The regimen – avelumab and cetuximab plus oxaliplatin, leucovorin, and 5-fluorouracil (mFOLFOX6) – failed to meet the primary endpoint for progression-free survival (PFS) but was associated with “promising” yet “preliminary” overall survival, according to Joseph Tintelnot, MD, of University Medical Center Hamburg-Eppendorf (Germany).
Dr. Tintelnot presented these results from the AVETUX trial (NCT03174405) at the annual meeting of the Society for Immunotherapy of Cancer.
The trial enrolled 43 patients with previously untreated, metastatic colorectal cancer, and 39 of them had wild-type RAS and BRAF mutations. Among those 39 patients, the median age was 62 years (range, 29-82 years), 13 patients were female, and 36 patients had left-sided tumors.

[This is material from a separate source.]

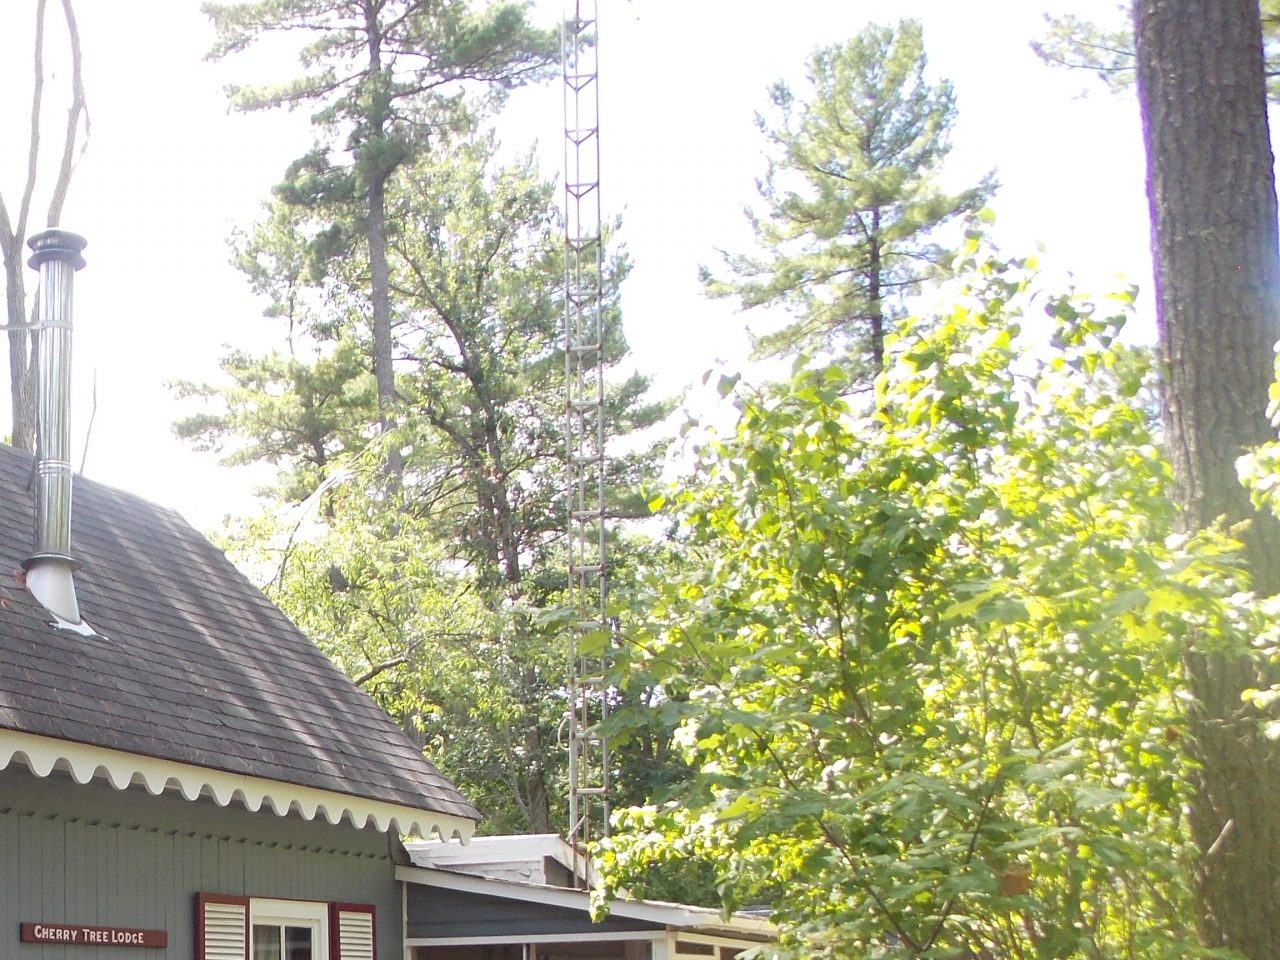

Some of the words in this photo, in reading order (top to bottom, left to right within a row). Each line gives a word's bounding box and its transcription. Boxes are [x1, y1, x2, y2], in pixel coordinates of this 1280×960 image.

[34, 925, 77, 941] CHERRY
[82, 928, 109, 942] TREE
[111, 930, 144, 944] LODGE

A total of 30 patients had liver metastasis, 12 had lung metastasis, and 18 had lymph node metastasis. Most patients (n = 36) had microsatellite stable tumors, 2 were microsatellite instability high, and 1 was microsatellite instability low.
Patients received IV cetuximab at 250 mg/m2 over 60-90 minutes (day 1 and 8), with a first dose of 400 mg/m2; mFOLFOX6 according to local standard – IV oxaliplatin at 85 mg/m2 IV (day 1), IV leucovorin at 400 mg/m2 IV (day 1), and IV bolus 5-fluorouracil at 400 mg/m2 (day 1) and IV at 2,400 mg/m2 (days 1-3); and IV avelumab at 10 mg/kg over 60-90 minutes (day 1 from cycle 2 onward).

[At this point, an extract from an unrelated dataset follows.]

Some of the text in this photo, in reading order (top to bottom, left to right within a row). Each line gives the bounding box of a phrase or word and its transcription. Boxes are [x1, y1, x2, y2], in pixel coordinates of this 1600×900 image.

The median number of treatment cycles was 8 (range, 1-34) for oxaliplatin, 13 (range, 1-35) for 5-fluorouracil, 12 (range, 1-35) for cetuximab, and 16 (range, 0-34) for avelumab. The median duration of cetuximab/avelumab treatment was 5.4 months (range, 0.7-18.4 months).
The study’s primary endpoint was 12-month PFS, and the researchers expected the PFS to rise from 40% to 57%. Unfortunately, the 12-month PFS was 40%, so the primary endpoint was not met.
However, the treatment produced a “very high” overall response rate at 81% (30/37), according to Dr. Tintelnot. A total of 4 patients achieved a complete response, 26 had a partial response, 4 had stable disease, and 3 progressed.
Dr. Tintelnot also noted a “promising” but “preliminary” overall survival rate – 84% at a median follow-up of 16.2 months. He said these results suggest PFS may not be the ideal endpoint for this combination.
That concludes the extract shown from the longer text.